January/February 2004
The first generation of HIV drugs targeted the virus itself. If they also affected some of the body's systems, that was a side effect. Now, as we learn more about HIV's dependency on the body's own cellular functions, a new generation of therapies that act on host factors may be on the horizon. One potential advantage to using drugs directed to host proteins is that viral resistance might become less problematic. While HIV's genetics are wildly error-prone and produce an abundance of mutations every day (and it only takes one successful mutant to launch a resistant strain), the genetics of the human cell are stable. If you can block a host target once, you should be able to block it again and again. Of course HIV may still find a way to mutate around the impediment. A new class drugs called CCR5 blockers are designed to keep HIV from interacting with a protein on T-cells that the virus must bind to before it can infect a cell. The drugs stick to CCR5 and interfere with HIV binding thereby restricting infection.
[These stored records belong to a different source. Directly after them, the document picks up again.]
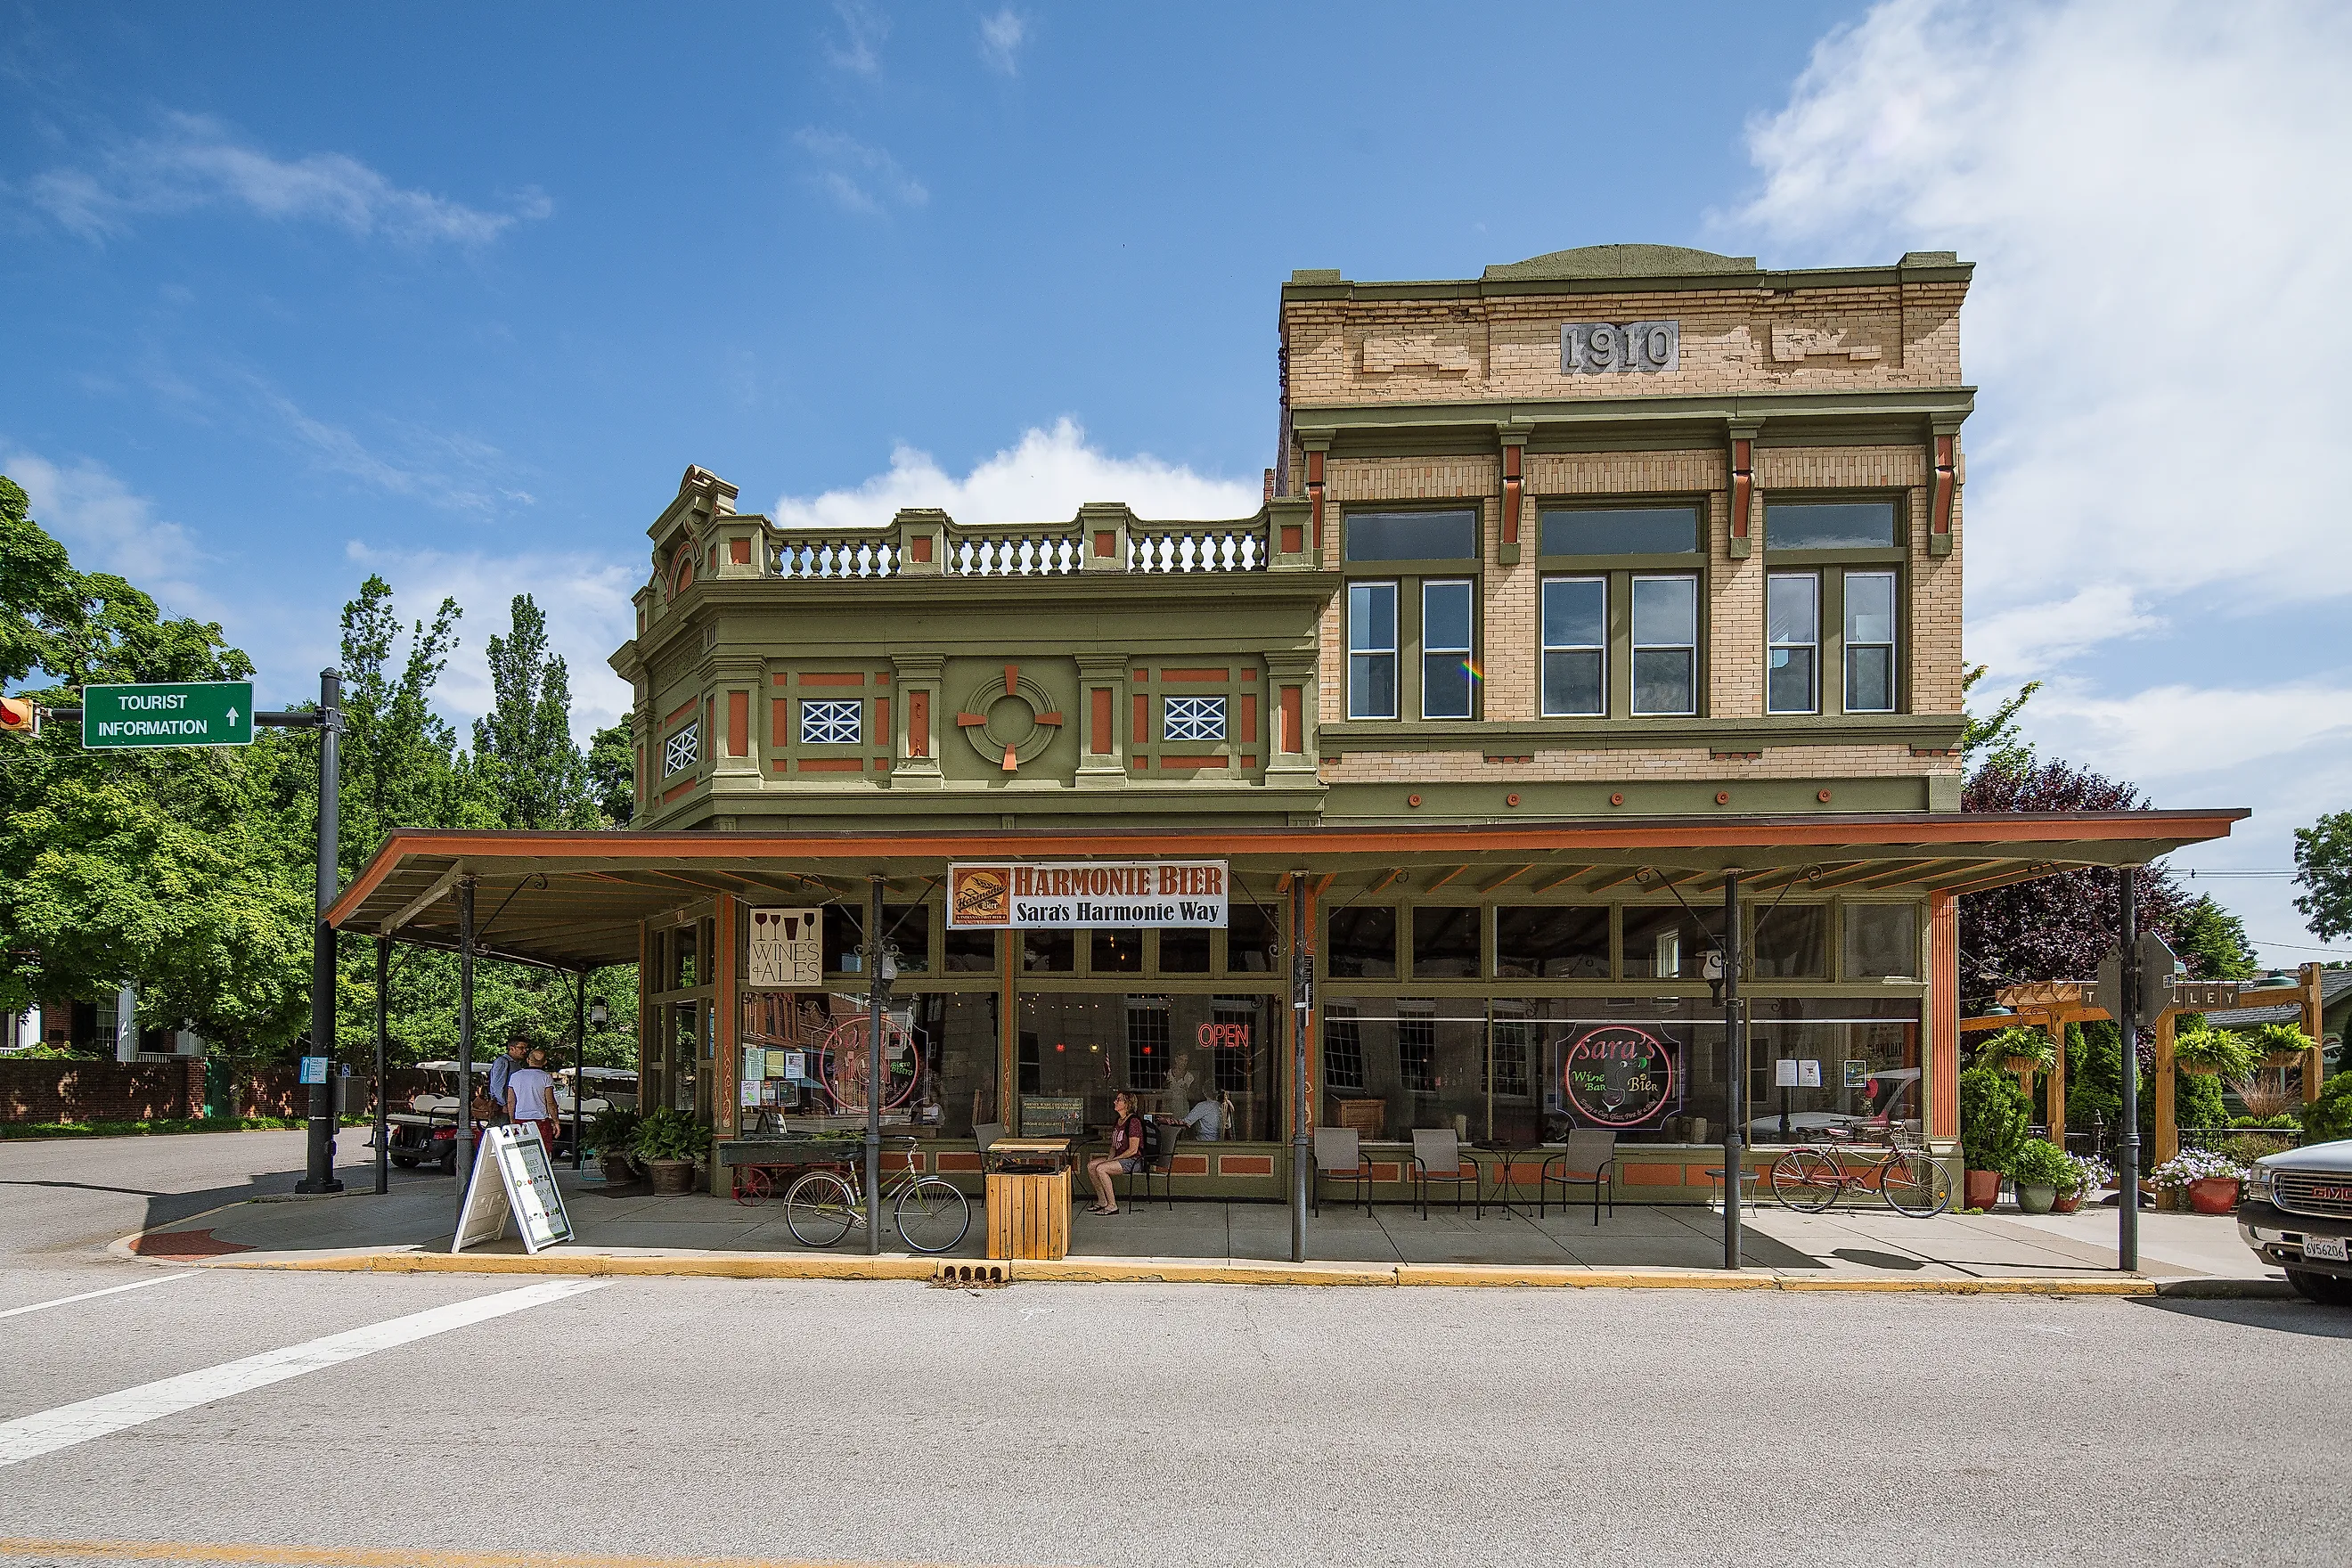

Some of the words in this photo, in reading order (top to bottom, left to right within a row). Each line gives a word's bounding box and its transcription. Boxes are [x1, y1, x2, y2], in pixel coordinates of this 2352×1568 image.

[1568, 326, 1674, 367] 1910
[118, 695, 188, 710] TOURIST
[98, 720, 208, 737] INFORMATION
[1013, 866, 1152, 896] HARMONIE
[1158, 865, 1223, 895] BIER
[1017, 902, 1070, 921] Sara's
[1076, 902, 1174, 921] Harmonie
[1179, 902, 1220, 922] Way
[752, 943, 820, 961] WINES
[1197, 1023, 1249, 1048] OPEN
[1578, 1034, 1656, 1059] Sara's
[1572, 1070, 1605, 1082] Wine
But laboratory studies have demonstrated that, as with every other treatment tried to date, HIV can eventually produce a mutation that evades the obstacle.
So far, all evidence suggests that CCR5 can be blocked without causing harm to the host, which is great news. But the big challenge to using drugs that disrupt natural mechanisms is to make sure they only inhibit HIV's interactions with the system and leave the normal activities alone.
Host genetics are increasingly recognized to play a role in everything from one's initial susceptibility to HIV infection, to the strength and durability of the immune defense the body can mount, the pace of viral replication and the seriousness of damage done over time, to the likelihood that drug therapy will be successful. A picture is emerging that shows the virus hijacking natural mechanisms at nearly every stage of its life cycle to do the work of transporting, reproducing and distributing itself. Yet we are only at the threshold of grasping the design and shadings of the system's complexity.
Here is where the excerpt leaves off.